§ **Data extract**:
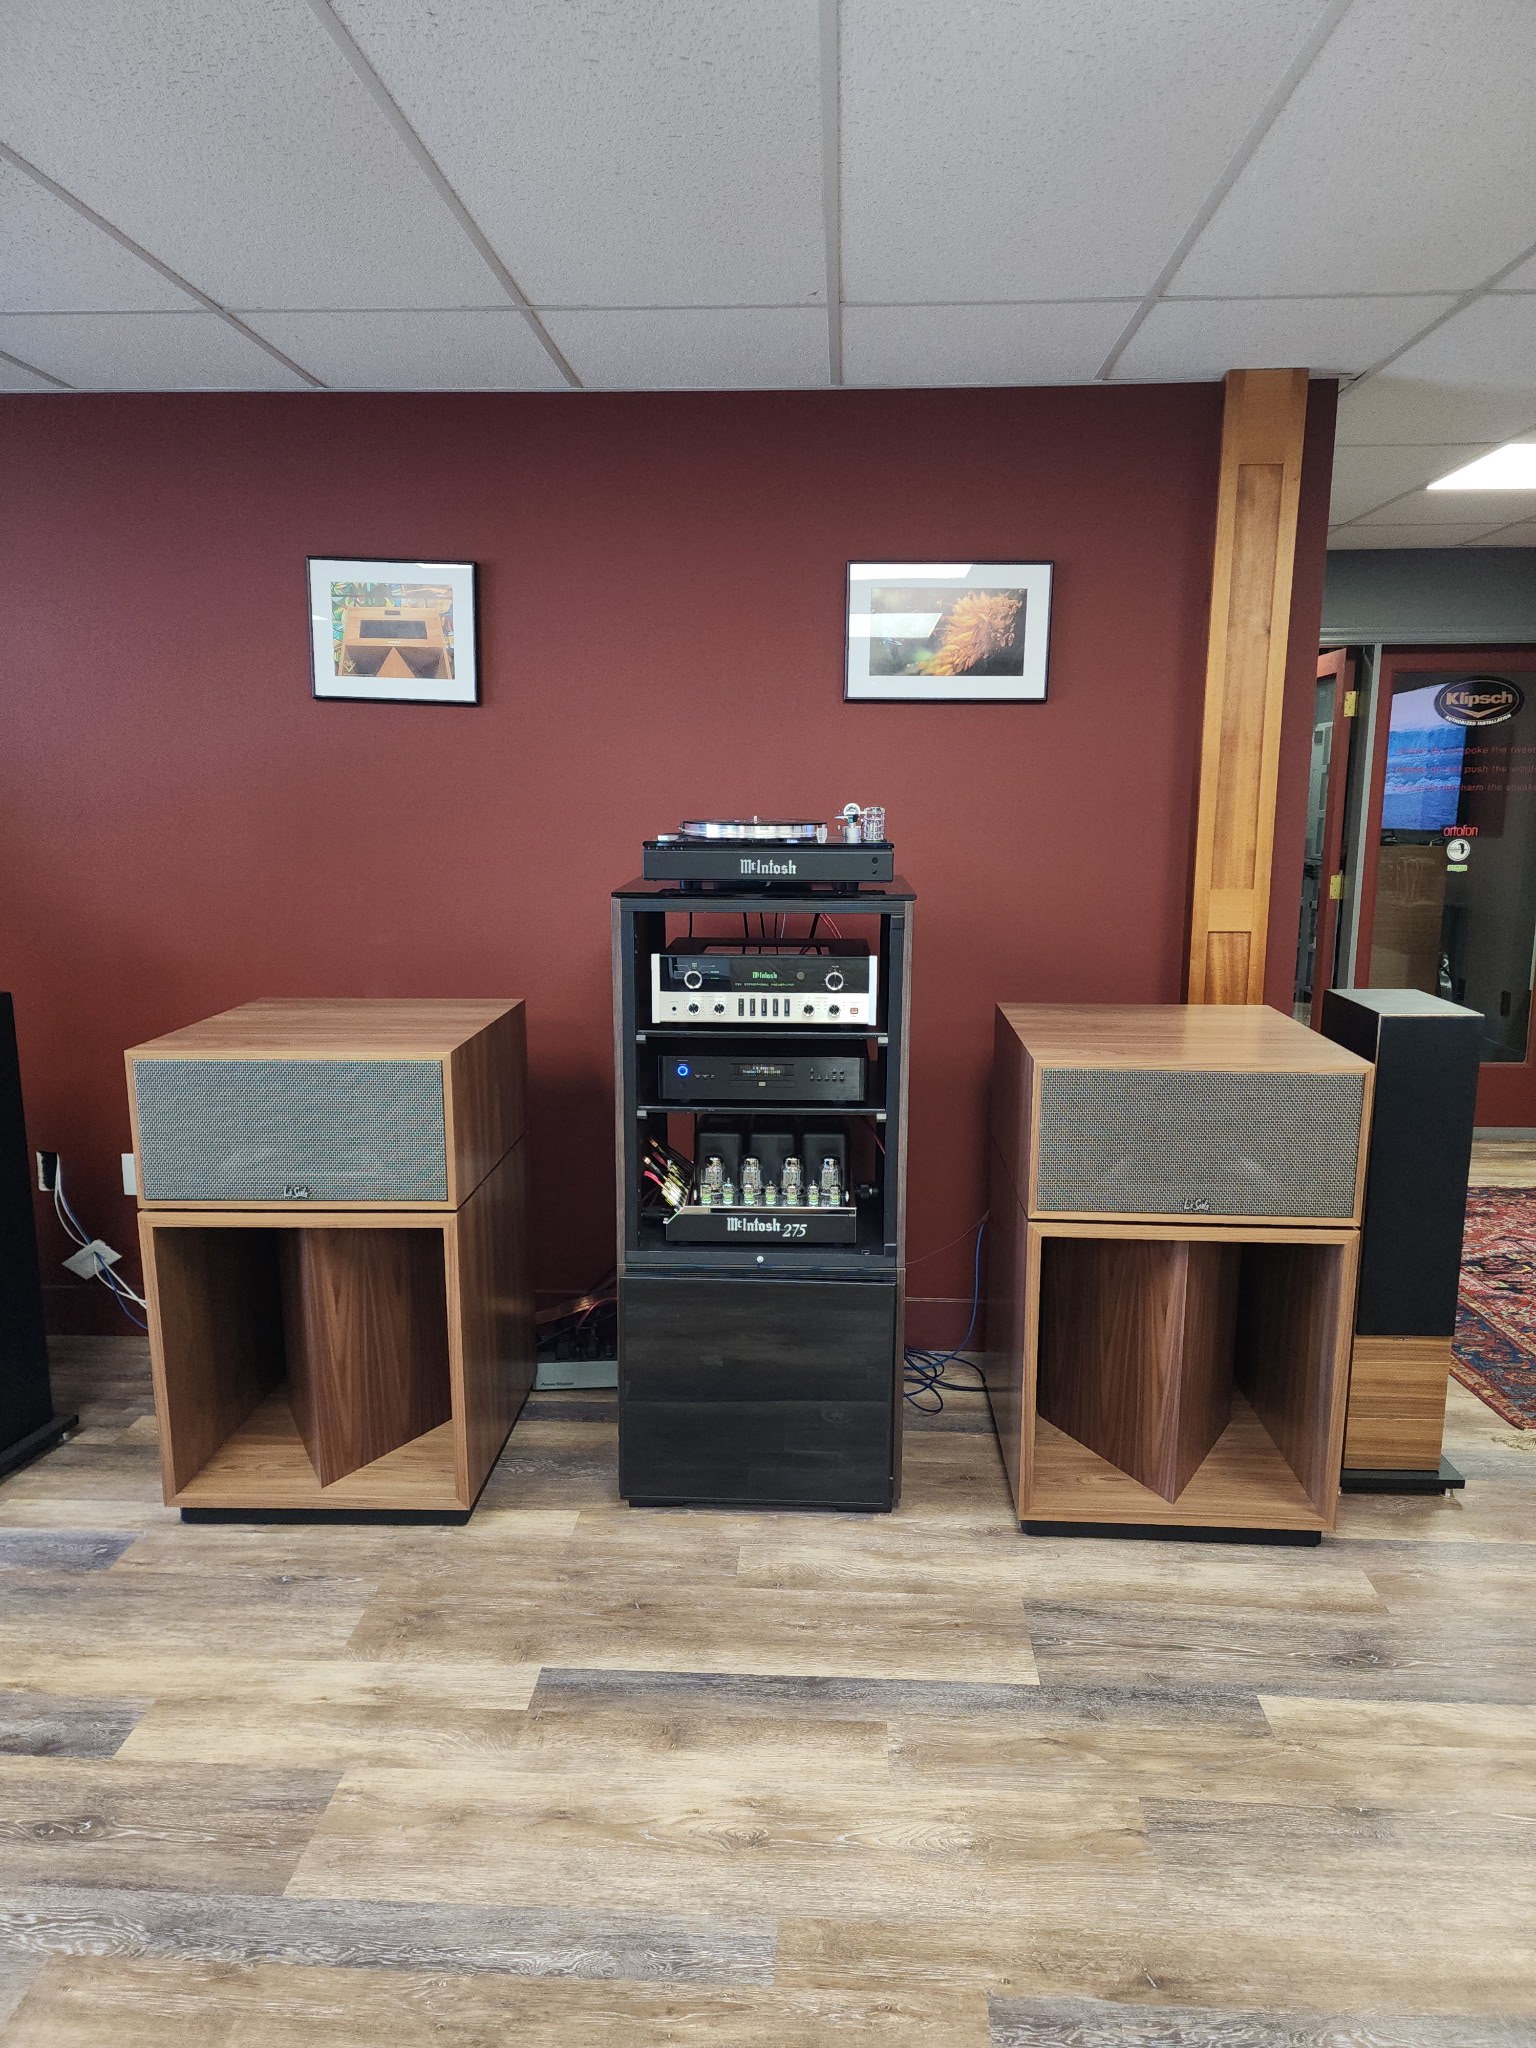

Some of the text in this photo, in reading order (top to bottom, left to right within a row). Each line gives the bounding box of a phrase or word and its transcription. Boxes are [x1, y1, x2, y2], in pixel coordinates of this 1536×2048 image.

[1445, 690, 1513, 707] Klipsch
[1444, 713, 1512, 726] AUTHORIZED INSTALLATION
[1464, 746, 1489, 755] poke
[1491, 746, 1507, 754] the
[1463, 765, 1488, 774] push
[1460, 784, 1484, 792] harm
[1443, 824, 1479, 837] ortofon
[740, 858, 797, 875] McIntosh
[727, 1217, 808, 1238] McIntosh 275
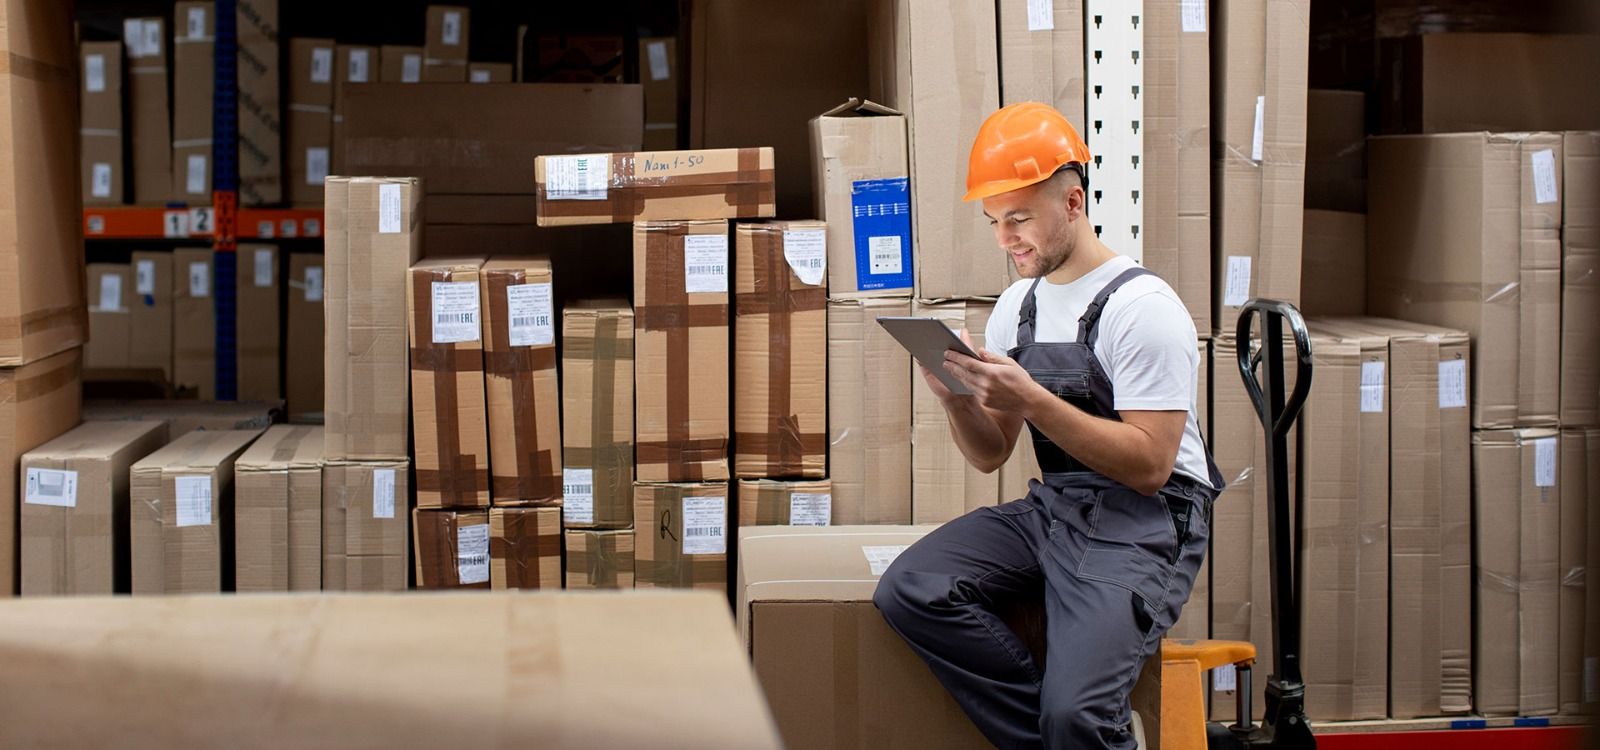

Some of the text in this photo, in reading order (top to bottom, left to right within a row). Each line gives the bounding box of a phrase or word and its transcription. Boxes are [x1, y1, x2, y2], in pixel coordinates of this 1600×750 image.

[171, 210, 208, 231] 1 2
[460, 312, 474, 324] EAC
[536, 315, 550, 327] EAC
[709, 526, 722, 537] EAC
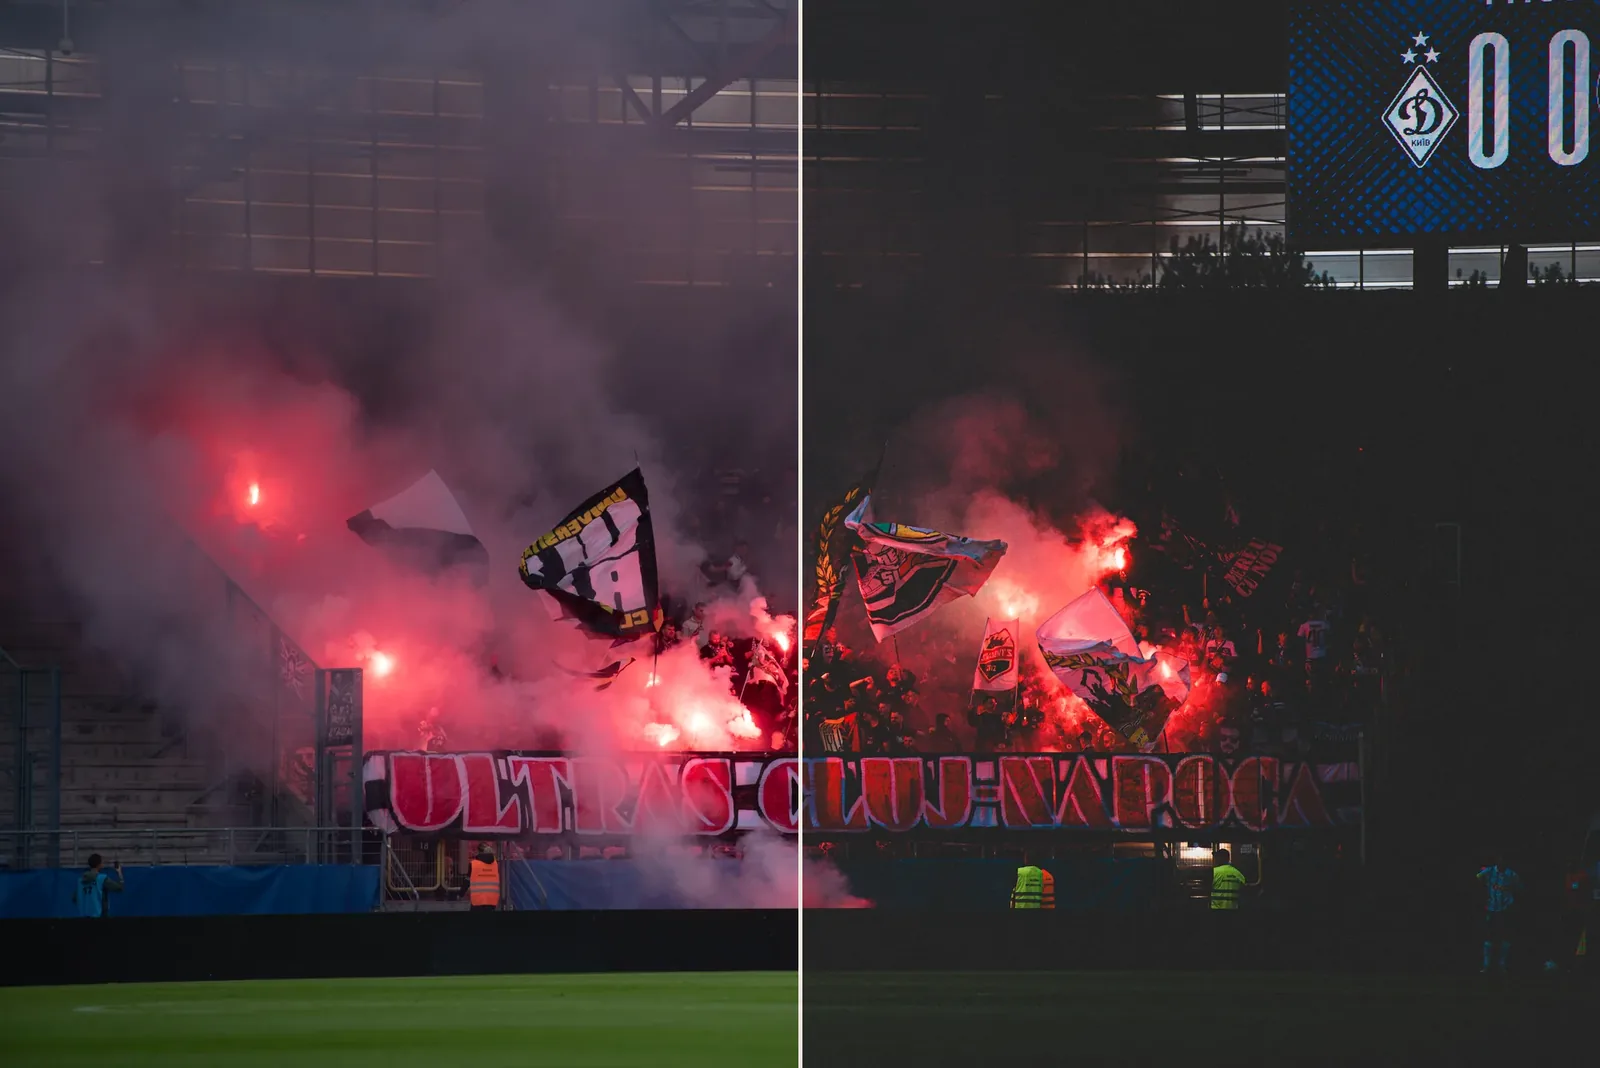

§ **What you should do**:
From the first line to the last, repeat the data above exactly and leave the pictures out.

§ **Exercise solution**:
Some of the text in this photo, in reading order (top to bottom, left to right within a row). Each line gives the bounding box of a phrase or word and its transcription. Boxes are [x1, y1, x2, y2], in pixel coordinates of this 1536×2048 image.

[1445, 690, 1513, 707] Klipsch
[1444, 713, 1512, 726] AUTHORIZED INSTALLATION
[1464, 746, 1489, 755] poke
[1491, 746, 1507, 754] the
[1463, 765, 1488, 774] push
[1460, 784, 1484, 792] harm
[1443, 824, 1479, 837] ortofon
[740, 858, 797, 875] McIntosh
[727, 1217, 808, 1238] McIntosh 275

Some of the text in this photo, in reading order (top to bottom, left to right within a row). Each line gives the bounding box of a phrase or word and its transcription. Boxes are [x1, y1, x2, y2], in pixel coordinates of this 1600×750 image.

[171, 210, 208, 231] 1 2
[460, 312, 474, 324] EAC
[536, 315, 550, 327] EAC
[709, 526, 722, 537] EAC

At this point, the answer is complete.